Nonetheless, with a full-time job at a big tech firm, my scope now includes:

  • Gathering a enterprise requirement and dealing with groups like product, design, and engineering to show it into a knowledge downside
  • Making key product selections
  • Understanding how the corporate’s information warehouse works and utilizing it to construct information pipelines
  • Constructing relationships with stakeholders and friends

With freelance work, you sometimes clear up a focused technical downside for the corporate — reminiscent of constructing a dashboard and refreshing it each quarter, or making a machine studying mannequin for a particular use case. The necessities are clearly specified, and also you simply have to deal with execution together with your technical expertise.

Nonetheless, AI is democratizing technical expertise.
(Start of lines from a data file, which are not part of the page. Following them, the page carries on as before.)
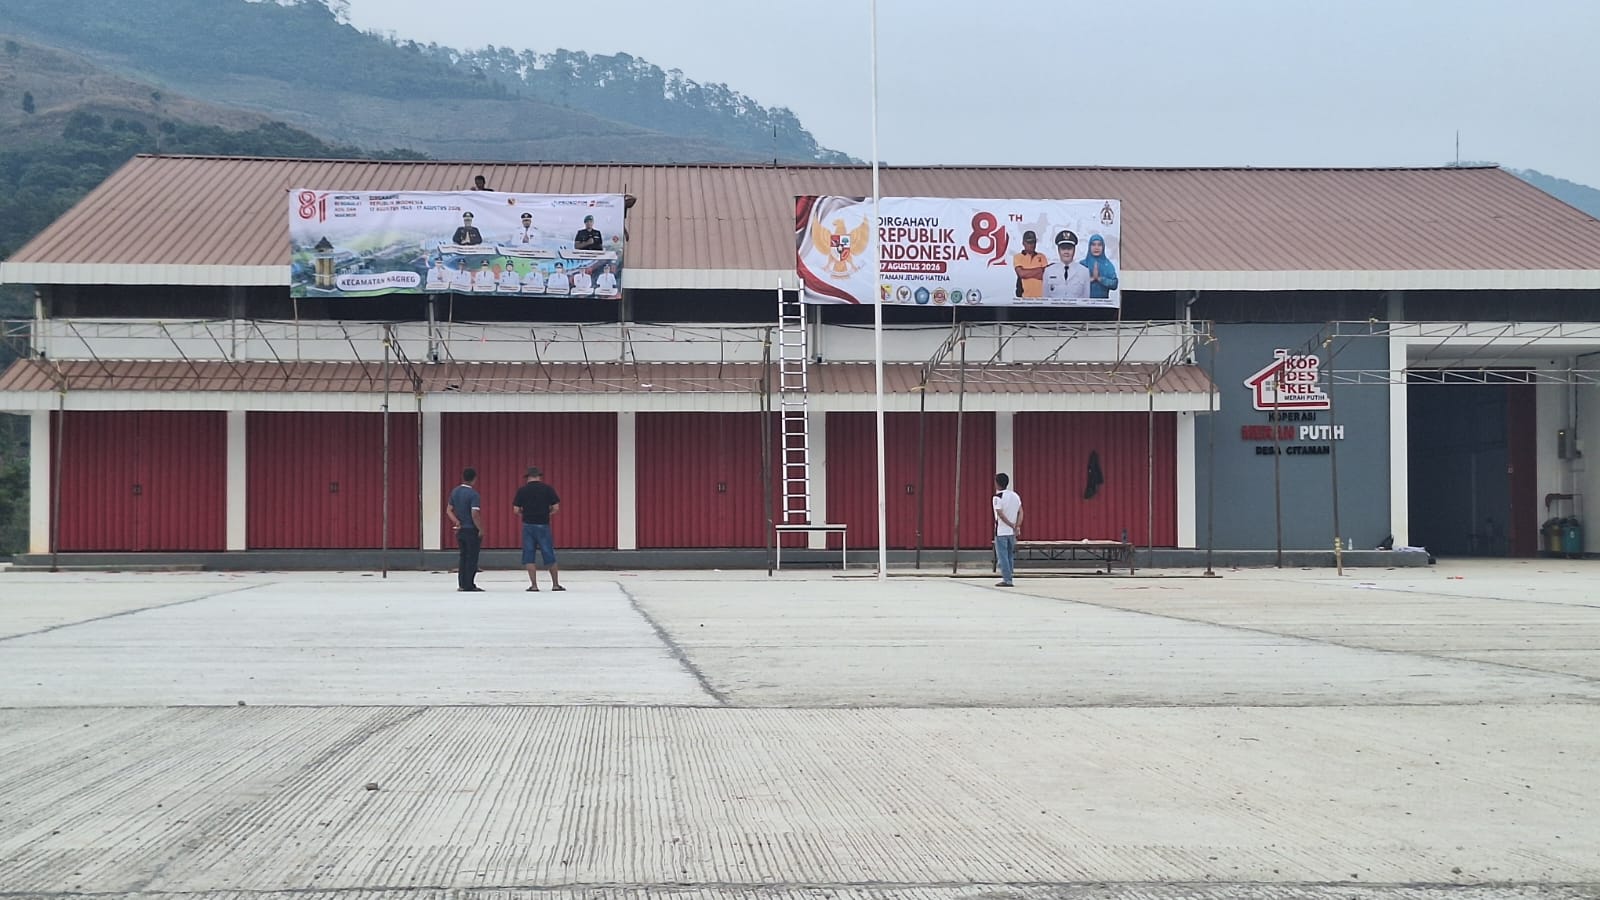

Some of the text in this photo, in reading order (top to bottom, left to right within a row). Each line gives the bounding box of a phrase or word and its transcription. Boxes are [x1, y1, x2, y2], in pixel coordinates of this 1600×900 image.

[877, 216, 939, 227] DIRGAHAYU
[1009, 214, 1023, 222] TH
[879, 227, 955, 244] REPUBLIK
[969, 211, 1009, 268] 81
[879, 244, 969, 261] NDONESIA
[887, 262, 920, 271] AGUSTUS
[921, 263, 941, 271] 2026
[1286, 358, 1317, 369] KOP
[1287, 371, 1315, 381] DES
[1287, 383, 1315, 394] KEL
[1300, 425, 1344, 440] PUTIH
[1286, 446, 1330, 455] CITAMAN
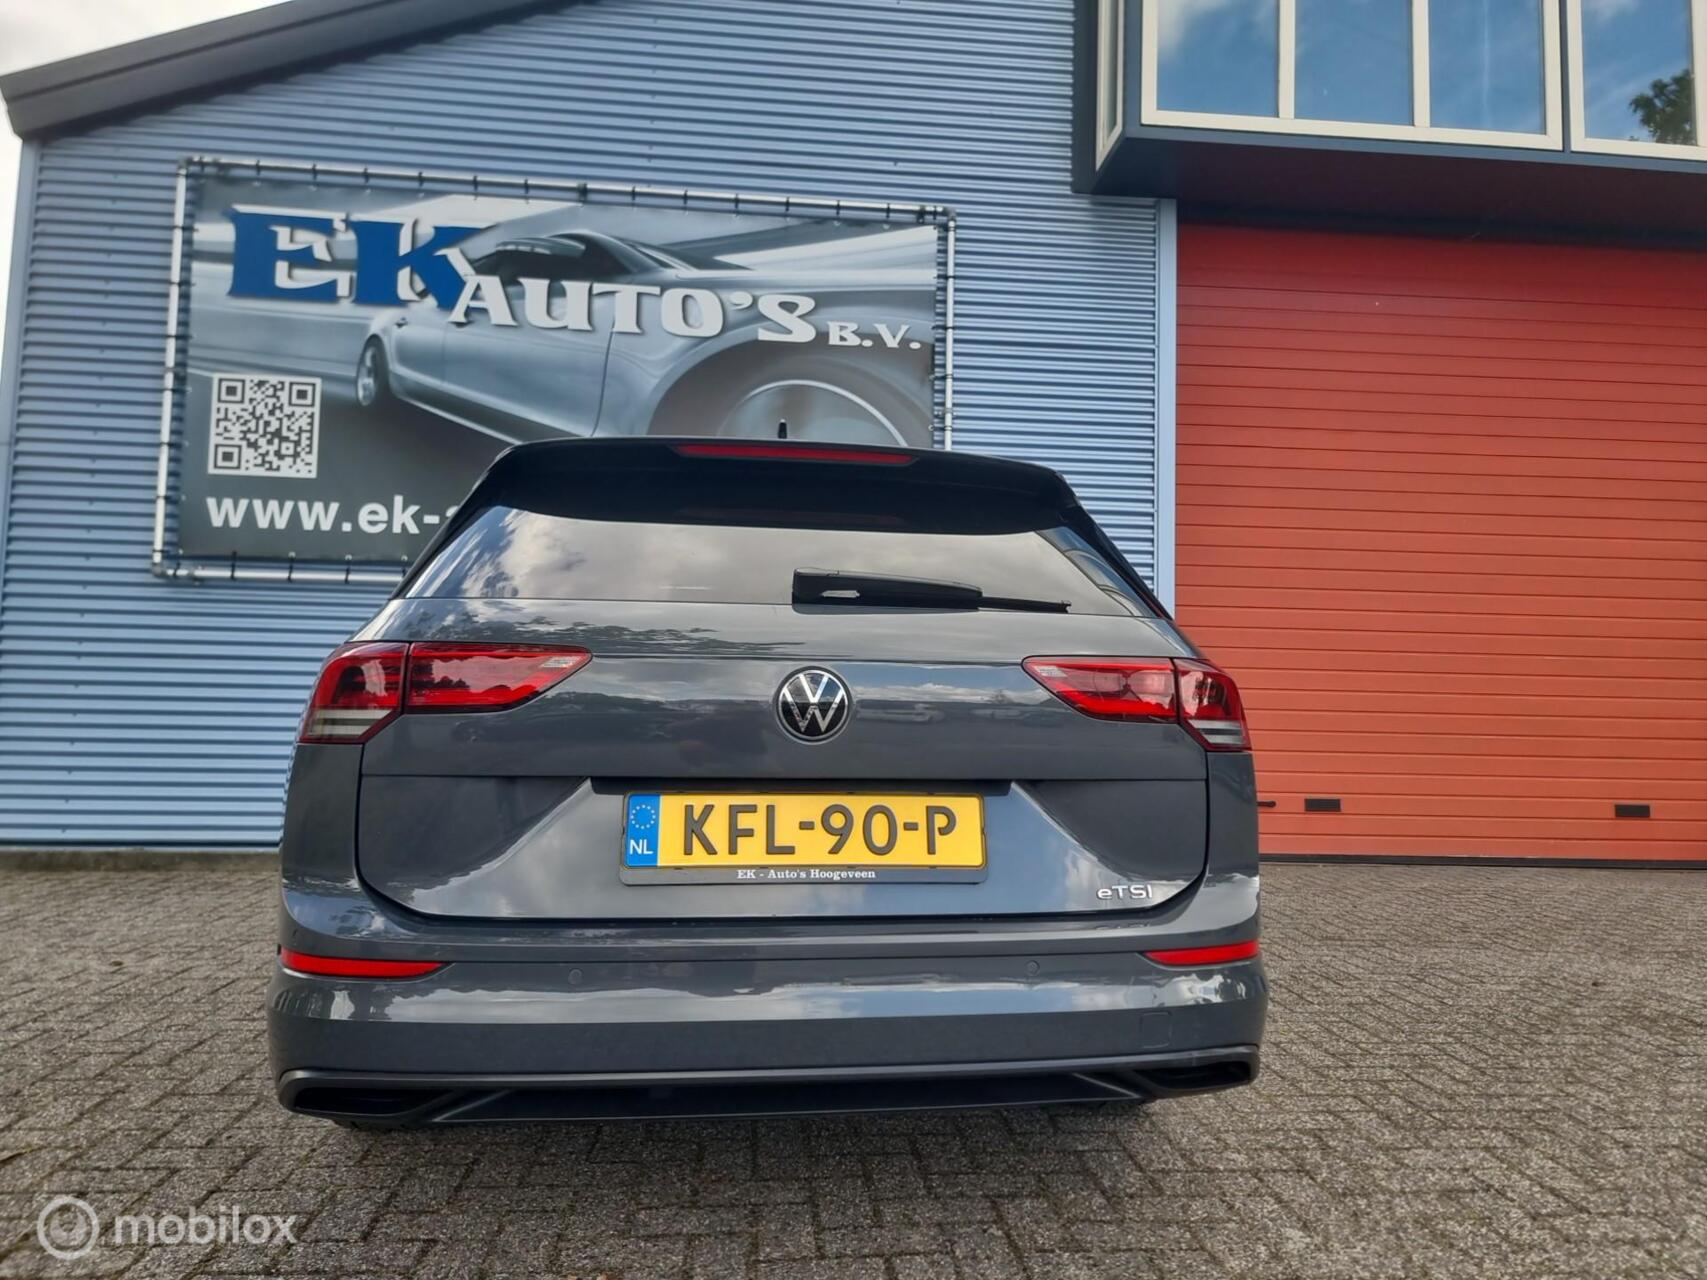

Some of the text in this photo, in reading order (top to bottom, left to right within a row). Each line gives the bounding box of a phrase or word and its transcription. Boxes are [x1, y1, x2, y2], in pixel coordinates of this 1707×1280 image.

[228, 205, 498, 311] EK
[828, 321, 921, 350] B.V.
[206, 495, 456, 534] www.ek-
[683, 804, 957, 856] KFL-90-P
[629, 839, 653, 855] NL
[736, 869, 756, 879] EK
[767, 869, 807, 879] Auto's
[809, 869, 876, 880] Hoogeveen
[1097, 884, 1153, 899] eTSI
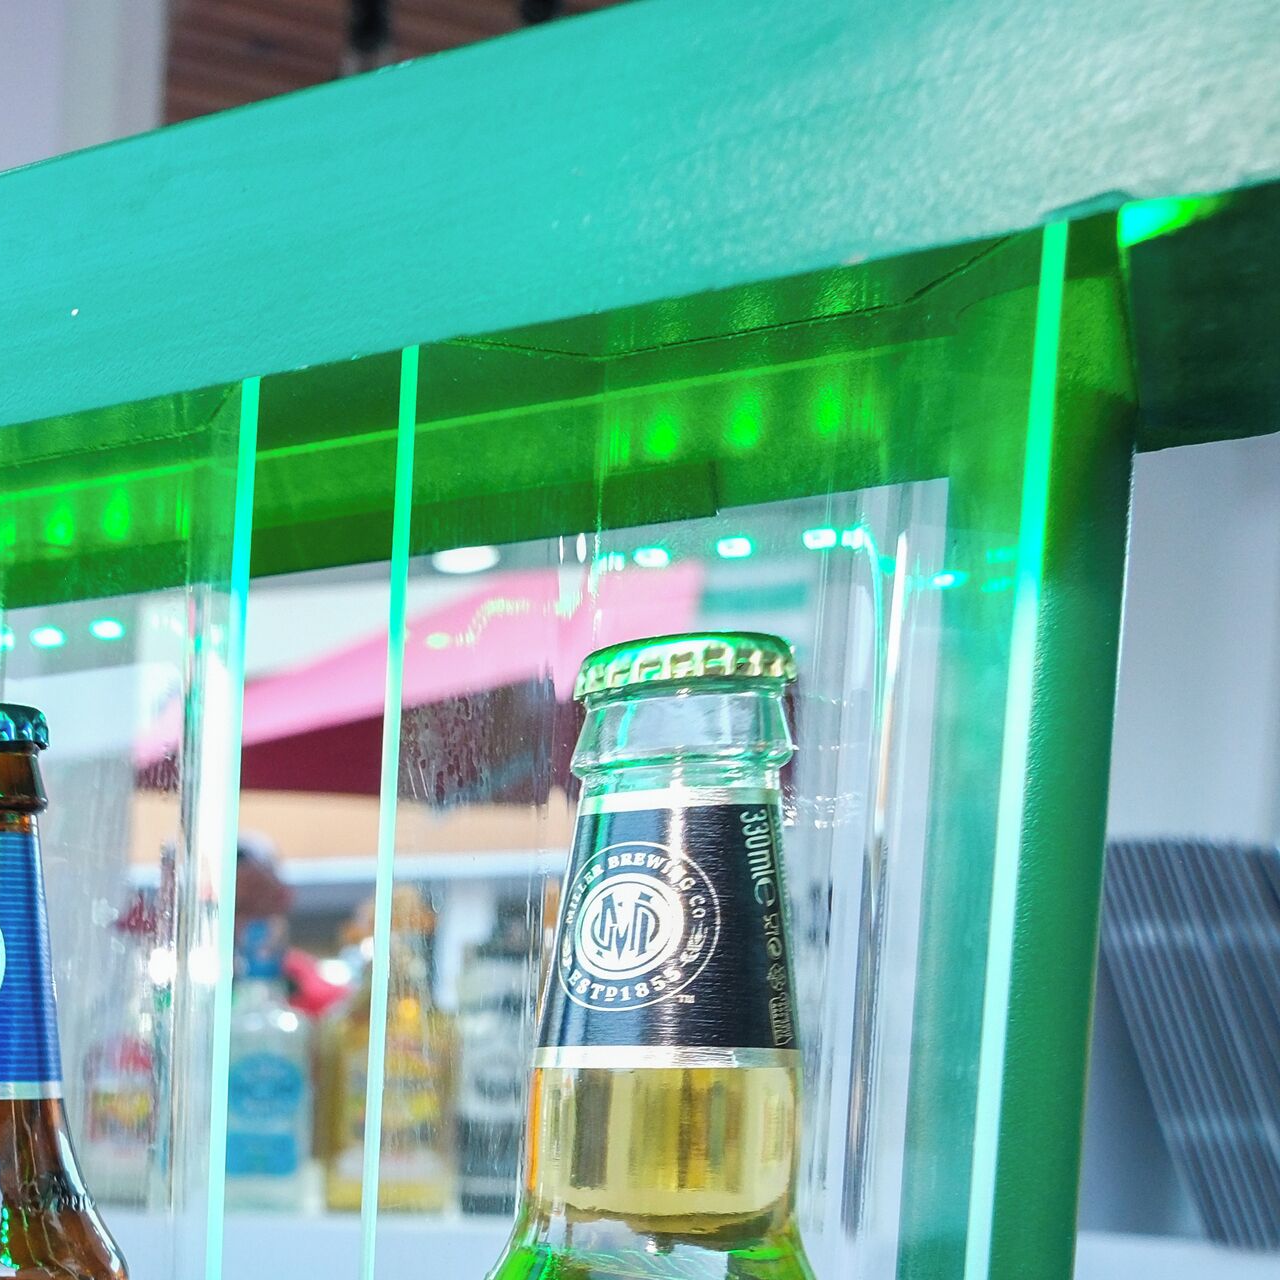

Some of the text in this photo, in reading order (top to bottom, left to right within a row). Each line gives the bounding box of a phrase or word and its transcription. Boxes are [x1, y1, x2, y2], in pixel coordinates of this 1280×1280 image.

[740, 808, 774, 882] 330ml
[566, 864, 604, 924] MILLER
[607, 853, 696, 891] BREWING
[620, 967, 682, 1001] 1855
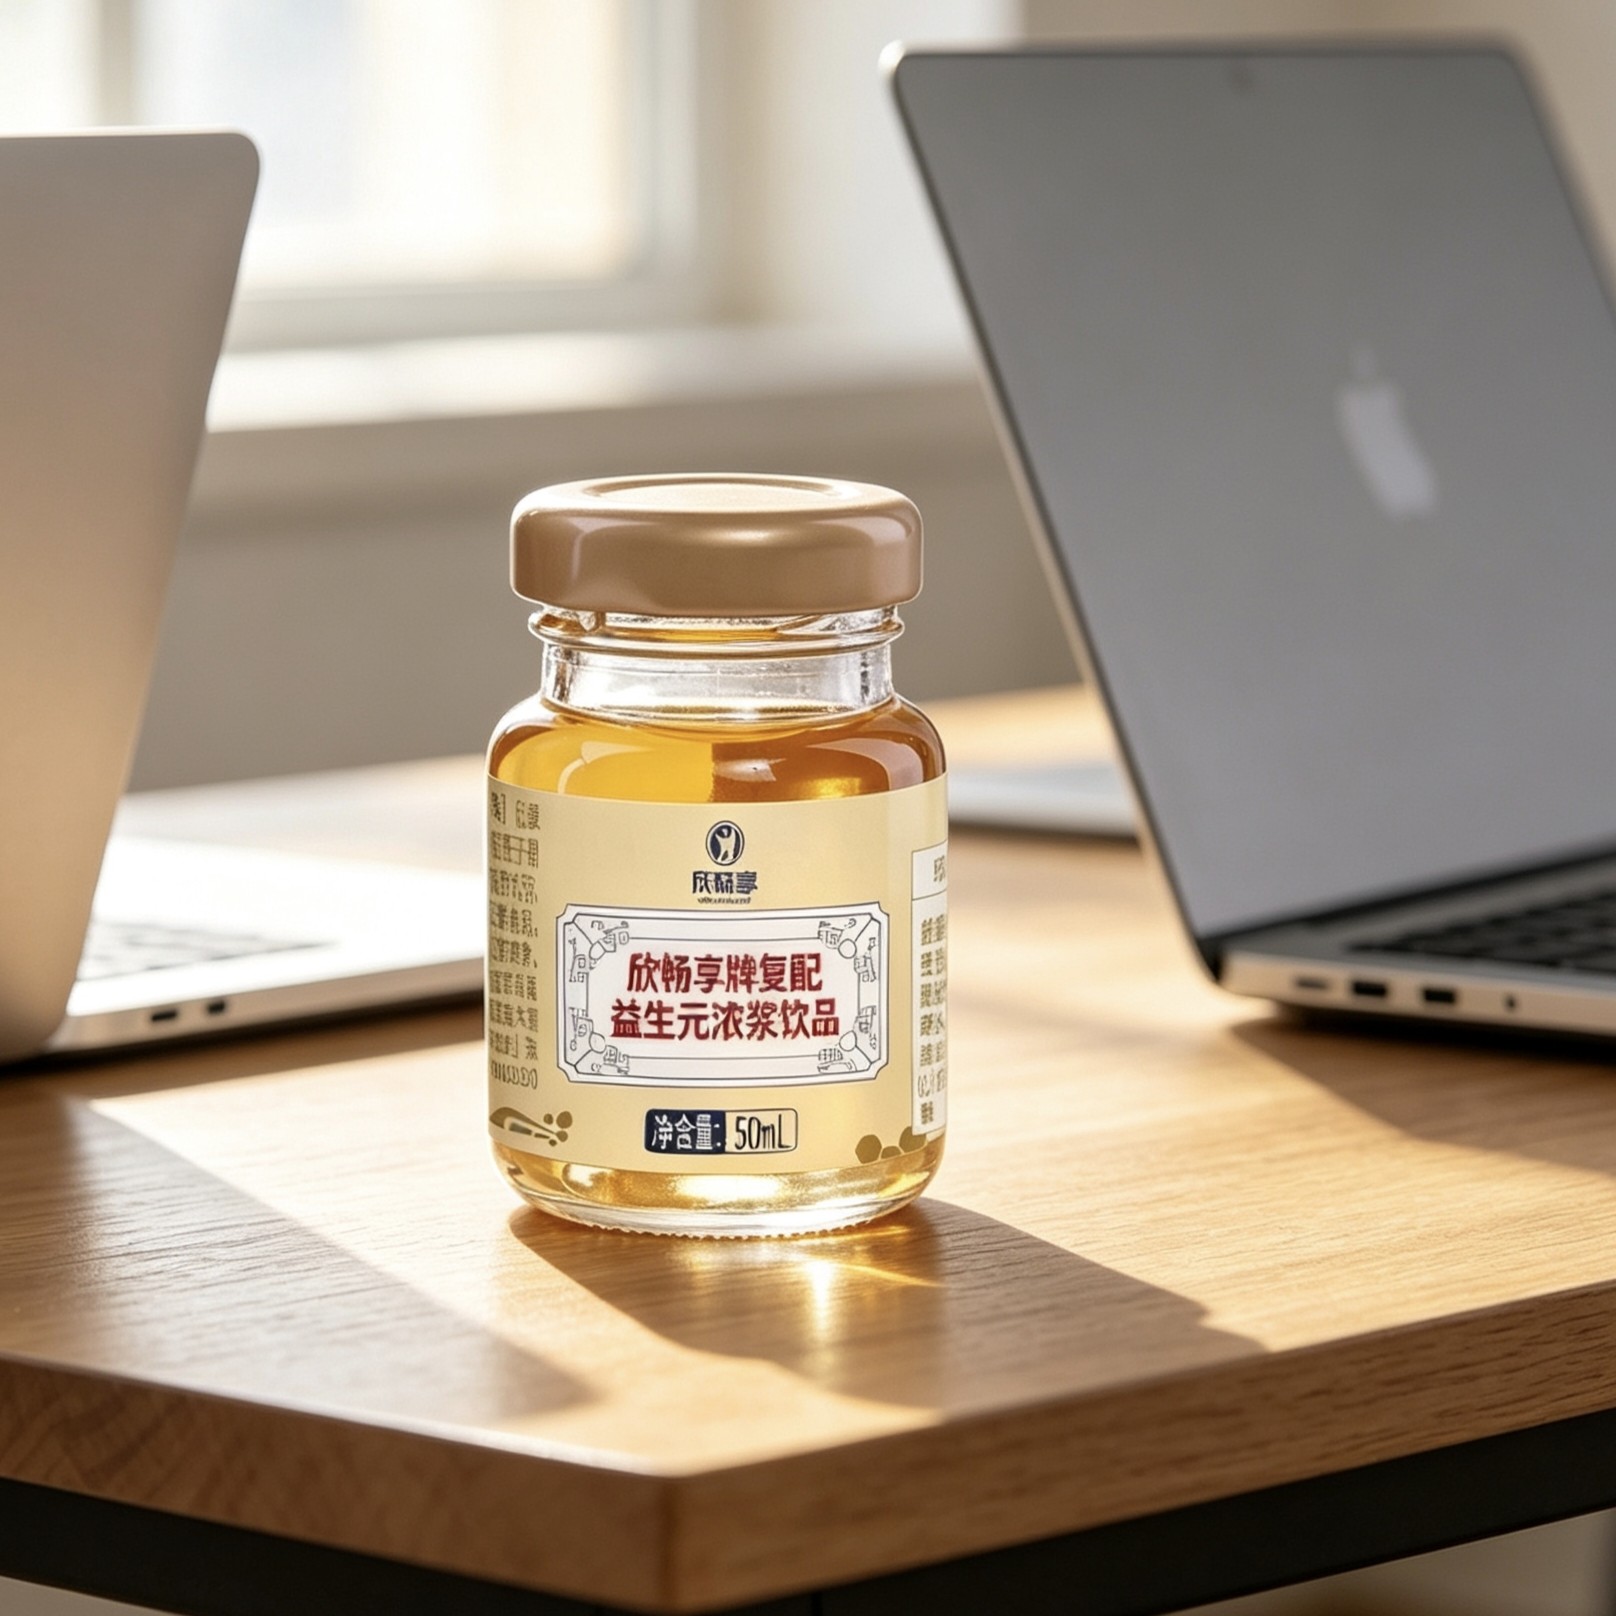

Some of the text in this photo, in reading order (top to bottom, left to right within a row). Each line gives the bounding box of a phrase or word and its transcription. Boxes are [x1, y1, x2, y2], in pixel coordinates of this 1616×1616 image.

[627, 951, 823, 993] 欣畅享牌复配
[610, 998, 839, 1041] 益生元浓浆饮品
[734, 1113, 793, 1150] 50mL
It permits individuals who do not know the right way to code to construct purposes. Individuals who do not know SQL can simply write a question and create a complete dashboard. As AI continues to democratize technical expertise, the worth of knowledge science freelancers will probably decline. The pay will lower, and the house will turn out to be extra aggressive.

Conversely, a company function is multifaceted. It requires way more collaboration, area experience, crucial pondering, and understanding of the enterprise. As you climb the info science company ladder and attain greater positions inside the firm, you will turn out to be tougher to exchange (at the same time as AI fashions get higher). Additionally, you’ll be able to transition to roles like enterprise analyst or product supervisor and even negotiate greater salaries. To place it merely, there are numerous methods to maneuver ahead in a company function. You’ll be able to oversee information options and drive enterprise worth in ways in which do not overlap with AI’s capabilities.

Alternatively, working a contract job the place the one worth you convey is your technical ability places you in a weak place.

For that purpose, I’ve determined to prioritize long-term profession security over short-term earnings. I selected a lower-paying full-time job over freelance information science roles to construct a set of expertise that may preserve me related within the subsequent decade, no matter how AI impacts the technical aspect of the career.

 

Abstract

 
To summarize, I give up my snug, high-paying freelance roles to take a way more demanding full-time information science job. And I did it for the next causes:

  • To be taught technical expertise at a sooner tempo
  • To climb the company ladder and prioritize long-term monetary stability over short-term earnings
  • To safe my profession from AI by gaining expertise and studying expertise that can’t be changed (reminiscent of enterprise and product information, stakeholder administration, and significant pondering)

YMMV, nonetheless, so I encourage you to do your personal analysis. Drop a remark beneath should you really feel you’ve precious perception for others.
&nbsp
 

Natassha Selvaraj is a self-taught information scientist with a ardour for writing. Natassha writes on every thing information science-related, a real grasp of all information matters. You’ll be able to join along with her on LinkedIn or try her YouTube channel.